RNACAD t-RNA tutorial

This tutorial models t-RNA using a stochastic context-free grammar starting with a structural multiple alignment.

RNACAD allows you to take a training structural multiple alignment with a consensus secondary structure and create a stochastic context-free grammar (SCFG) that can classify new sequences as being similiar to the sequences in the multiple alignment, create multiple alignments of new sequences, and predict secondary structure of new sequences.

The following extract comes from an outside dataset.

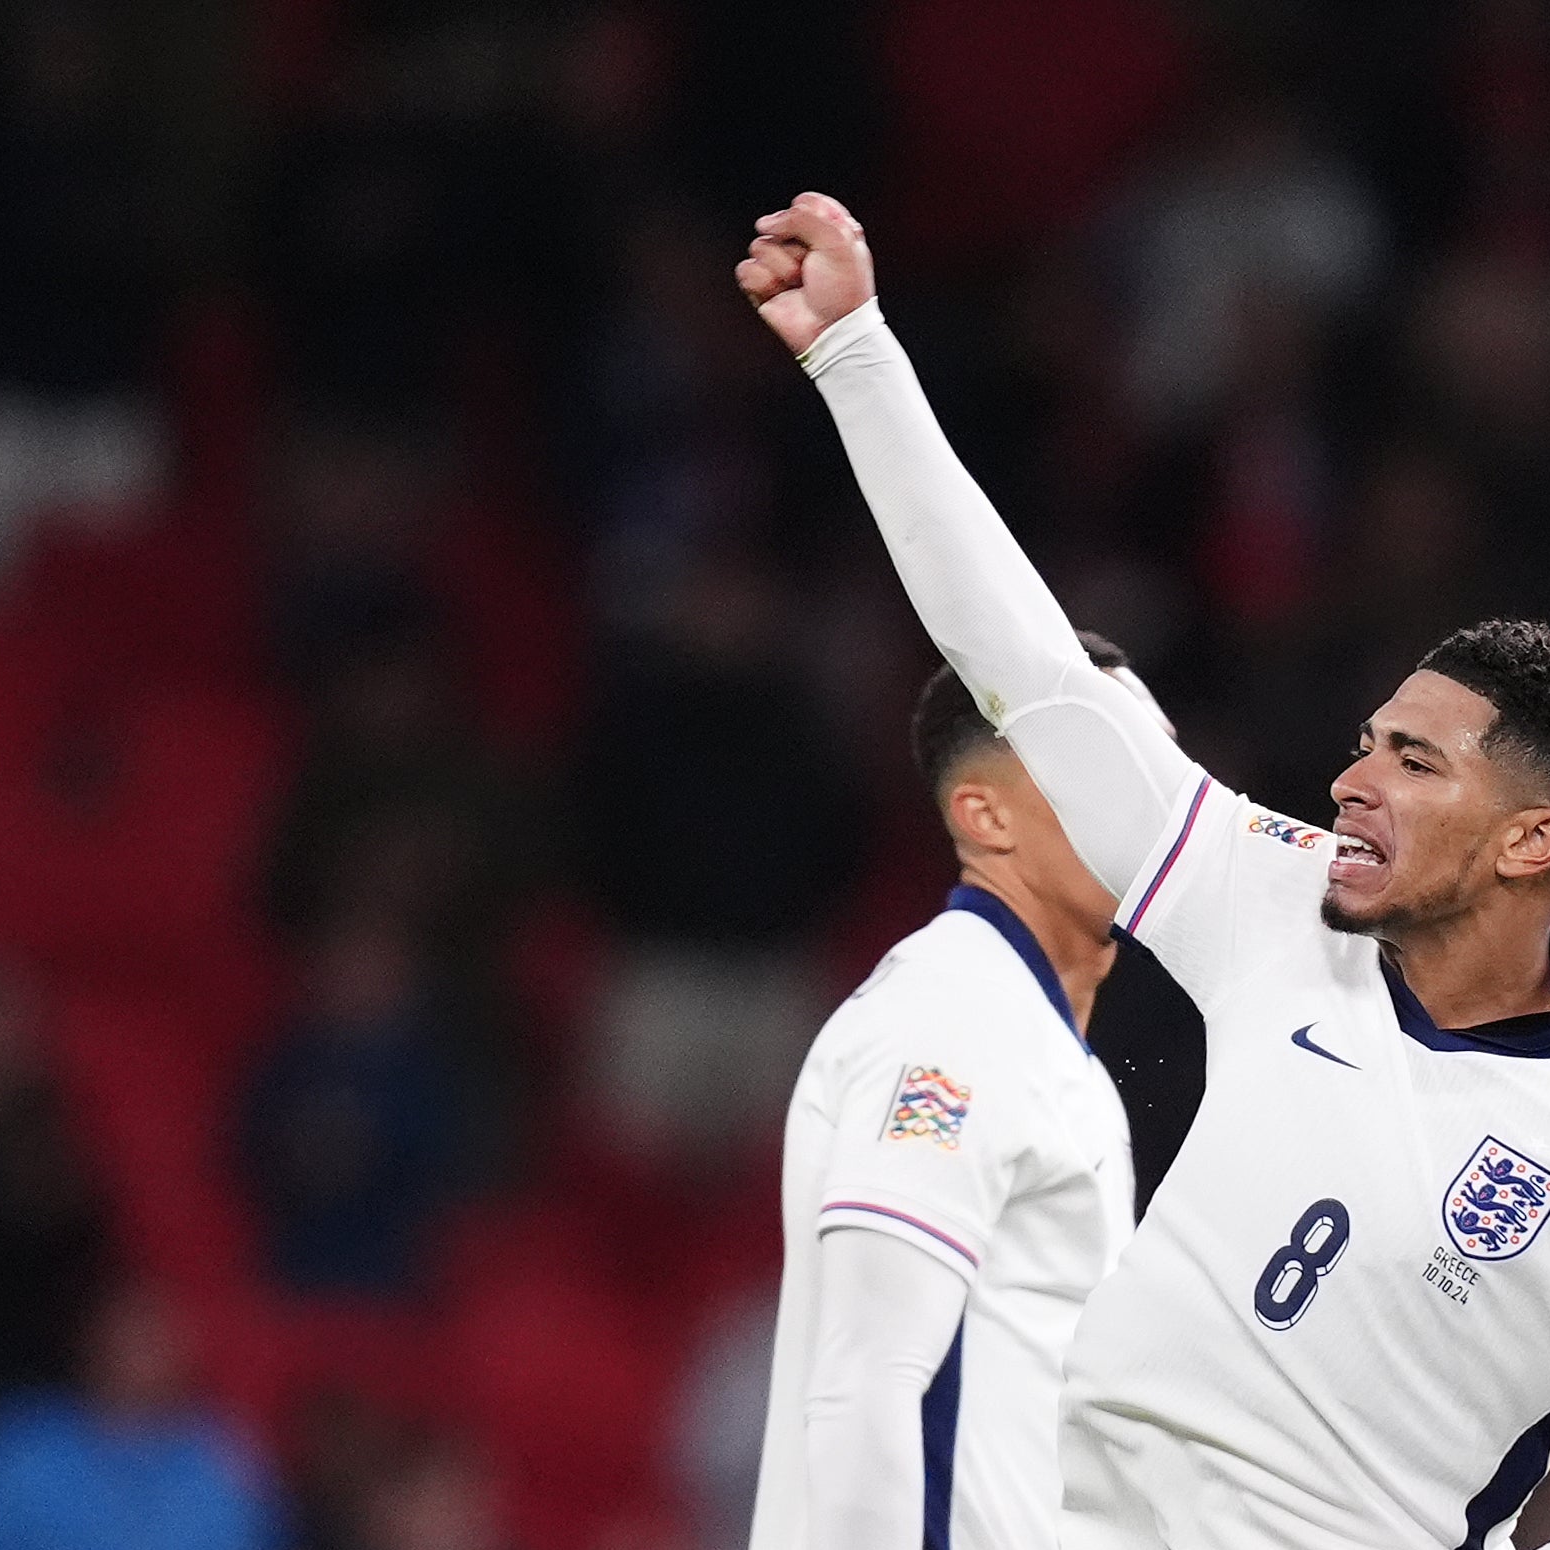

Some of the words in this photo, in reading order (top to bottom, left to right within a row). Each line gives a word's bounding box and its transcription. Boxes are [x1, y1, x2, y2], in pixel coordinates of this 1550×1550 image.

[1254, 1197, 1350, 1331] 8
[1421, 1263, 1470, 1305] 10.10.24
[1433, 1246, 1481, 1286] GREECE
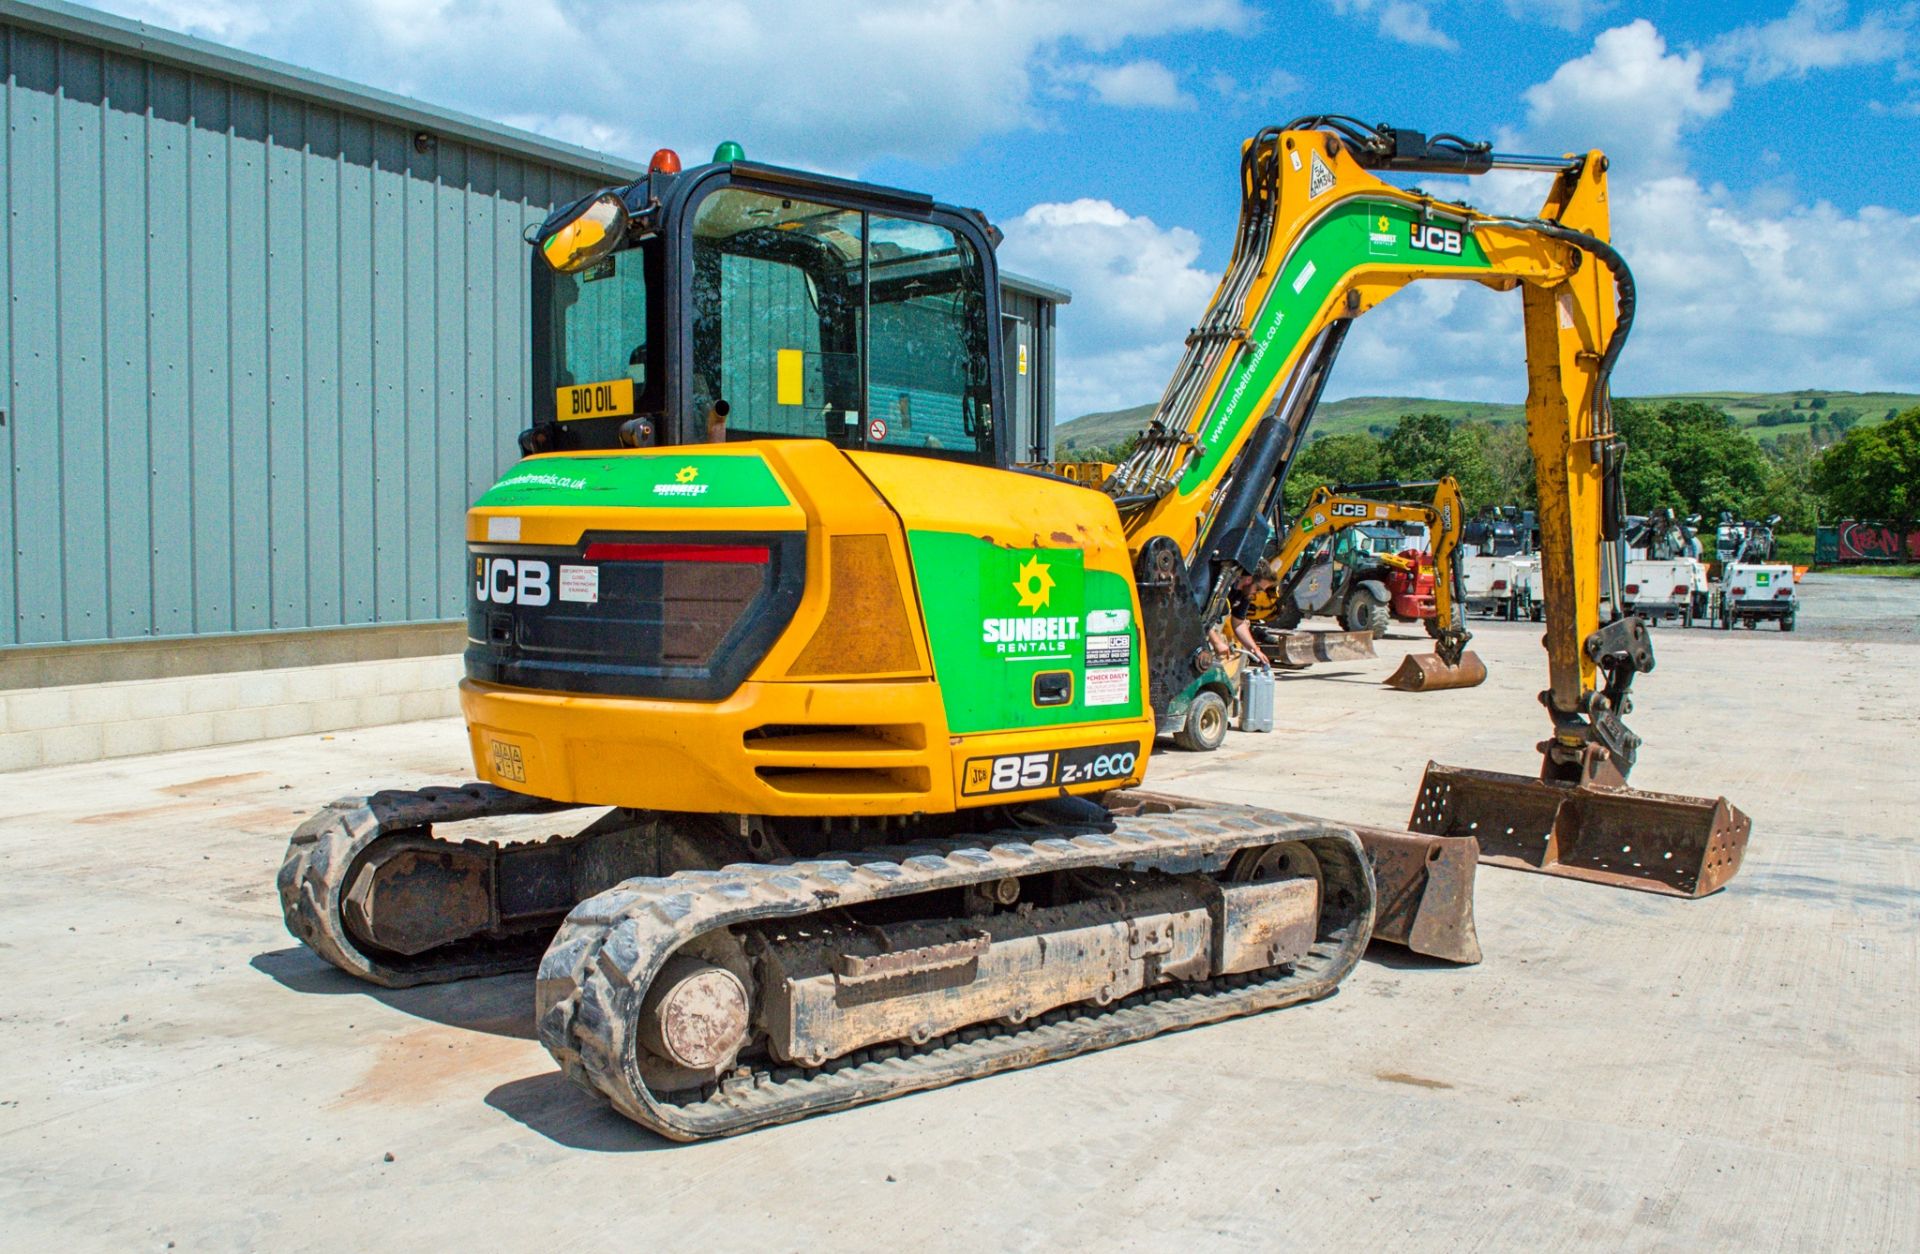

SCFGs model both the primary and secondary structure information contained in the training structural multiple alignment.






Inputs:


RNACAD modeling  starts with the following input files:
 

The system starts with a multiple alignment of eight t-RNA with a typical sequence heading the multiple alignment.  The typical sequence is only used to infer secondary structure for the alignment and is discarded. In this case, the sequence  trna_1 is the typcial sequence and is listed first (this is discarded) and is followed by a copy of itself  (which is not discarded). The file trna.ma contains this alignment:
>trna_1
GCCAAGGTGGCAGAGTTCGGCCTAACGCGGCGGCCTGCAGAGCCGCTC----ATCGCCGGTTCAAATCCGGCCCTTGGCT---
>trna_1
GCCAAGGTGGCAGAGTTCGGCCTAACGCGGCGGCCTGCAGAGCCGCTC----ATCGCCGGTTCAAATCCGGCCCTTGGCT---
>trna_2
GGGCGTGTGGCGTAGTC-GGT--AGCGCGCTCCCTTAGCATGGGAGAG----GTCTCCGGTTCGATTCCGGACTCGTCCA---
>trna_3
-GCCCCATCGTCTAGA--GGCCTAGGACACCTCCCTTTCACGGAGGCG----A-CGGGGATTCGAATTCCCCTGGGGGTA---
>trna_4
GGCGGCATAGCCAAGC--GGT--AAGGCCGTGGATTGCAAATCCTCTA----TTCCCCAGTTCAAATCTGGGTGCCGCCT---
>trna_5
GTCTGATTAGCGCAACT-GGC--AGAGCAACTGACTCTTAATCAGTGG----GTTGTGGGTTCGATTCCCACATCAGGCACCA
>trna_6
GGGCGAATAGTGTCAGC-GGG--AGCACACCAGACTTGCAATCTGGTA----G-GGAGGGTTCGAGTCCCTCTTTGTCCACCA
>trna_7
GGGGCTATAGTTTAACT-GGT--AAAACGGCGATTTTGCATATCGTTA----T-TTCAGGATCGAGTCCTGATAACTCCA---
>trna_8
AGCTTTGTAGTTTATGTG-----AAAATGCTTGTTTGTGATATGAGTGAAAT--------------------TGGAGCTT---
The system is given the secondary structure of a typical sequence. In this case the basepairing information for the sequence  trna_1 is given in the file trna_1.bp:
>trna_1 1/75
>trna_1 2/74
>trna_1 3/73
>trna_1 4/72
>trna_1 5/71
>trna_1 6/70
>trna_1 7/69
>trna_1 10/28
>trna_1 11/27
>trna_1 12/26
>trna_1 13/25
>trna_1 30/46
>trna_1 31/45
>trna_1 32/44
>trna_1 33/43
>trna_1 34/42
>trna_1 52/68
>trna_1 53/67
>trna_1 54/66
>trna_1 55/65
>trna_1 56/64
The format of this file contains lines that start with the sequence name and then i/j indicating that bases i and j are basepaired for that sequence numbering from one. RNACAD takes this structure as the consensus secondary structure and applies it to the multiple alignment to do modeling. Note that pseudoknots (interactions that are not well-nested ) are not allowed in SCFG modeling. The program expects the primary sequence of the typical sequence. In this case it is given in trna_1.seq:
>trna_1
GCCAAGGTGGCAGAGTTCGGCCTAACGCGGCGGCCTGCAGAGCCGCTCATCGCCGGTTCAAATCCGGCCCTTGGCT

With these inputs that describe the multiple alignment and consensus secondary structure we can do SCFG modeling.







 

Modeling

With these three files in place, RNACAD modeling can begin. Issue the command:

runtRNA.exe

The software turns the multiple alignment and secondary structure into a SCFG  that can search databases and create multiple alignments of sequences that are close to the training set in both primary and secondary structure information. The script assumes that you have RNACAD executable files in your path.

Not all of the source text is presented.